*This fact sheet is part of a series of materials on ecosystem services
available through the Ecological Society of America and the Union
of Concerned Scientists’ “Communicating Ecosystem Services Project.”
We All Need Water to Survive
Water Purification is one of the many services provided by ecosystems. Pollutants such as metals, viruses, oils, excess nutrients, and sediment are processed and filtered out as water moves through wetland areas, forests, and riparian zones. This purification process provides clean drinking water and water suitable for industrial uses, recreation, and wildlife habitat.

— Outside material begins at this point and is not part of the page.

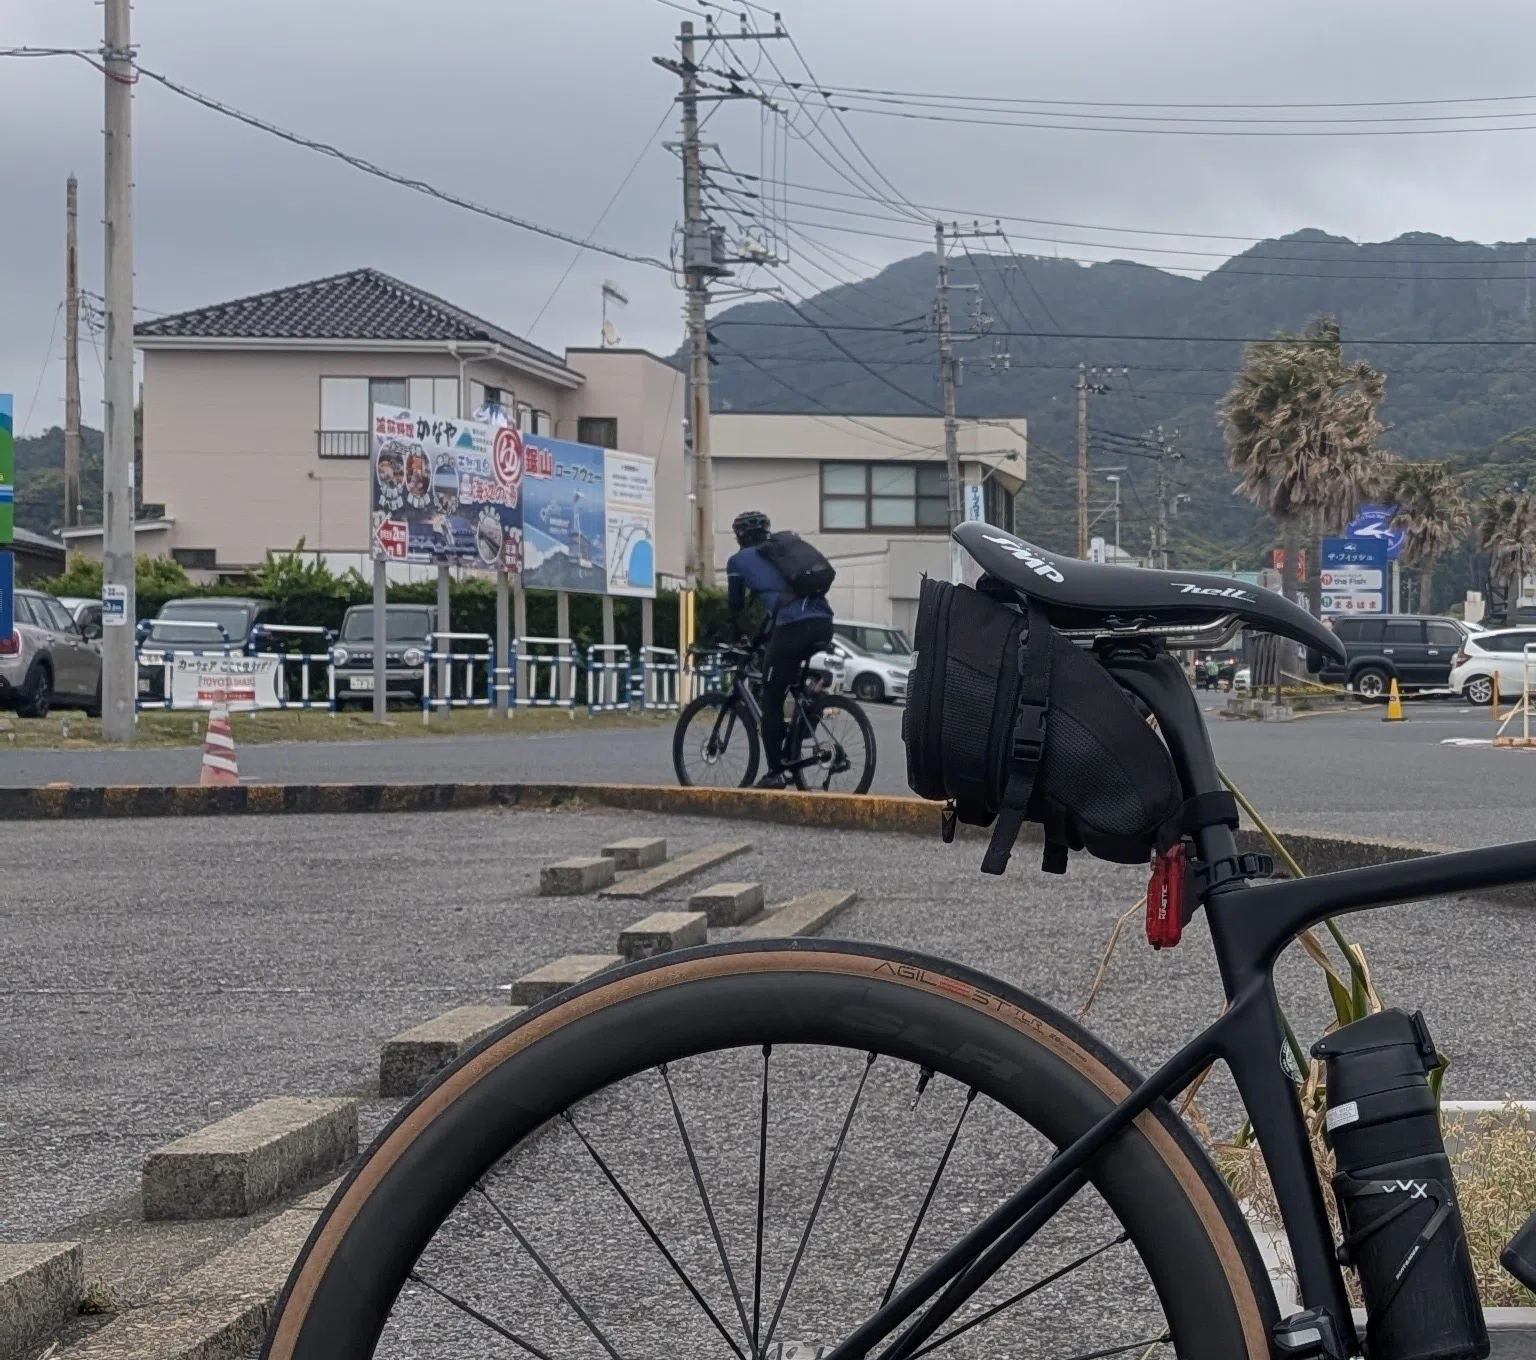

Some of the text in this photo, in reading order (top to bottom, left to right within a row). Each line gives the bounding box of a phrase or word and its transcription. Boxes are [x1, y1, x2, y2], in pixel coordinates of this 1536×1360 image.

• Economic Benefits. The U.S. spends more than $2 billion annually for clean water initiatives. It is much easier to prevent pollution than to clean contaminated water. For example, rather than spend $8 billion on a water treatment facility in New York City, New York State opted to spend $1 billion to restore the watershed that provides the City’s drinking water.
• Health. Once in water, pathogens that are harmful to humans can be difficult to remove; but natural purification processes can often keep them from even reaching source water. Giardia, an intestinal parasite that is difficult to remove from drinking water sources, occurs in higher concentrations in water receiving urban pollution than water flowing through protected forested watersheds.
• Eutrophication Reduction. The excessive input of nutrients, eutrophication, is a major cause of fish kills. It accounts for about half of the damaged lake area and 60% of the damaged rivers in the United States.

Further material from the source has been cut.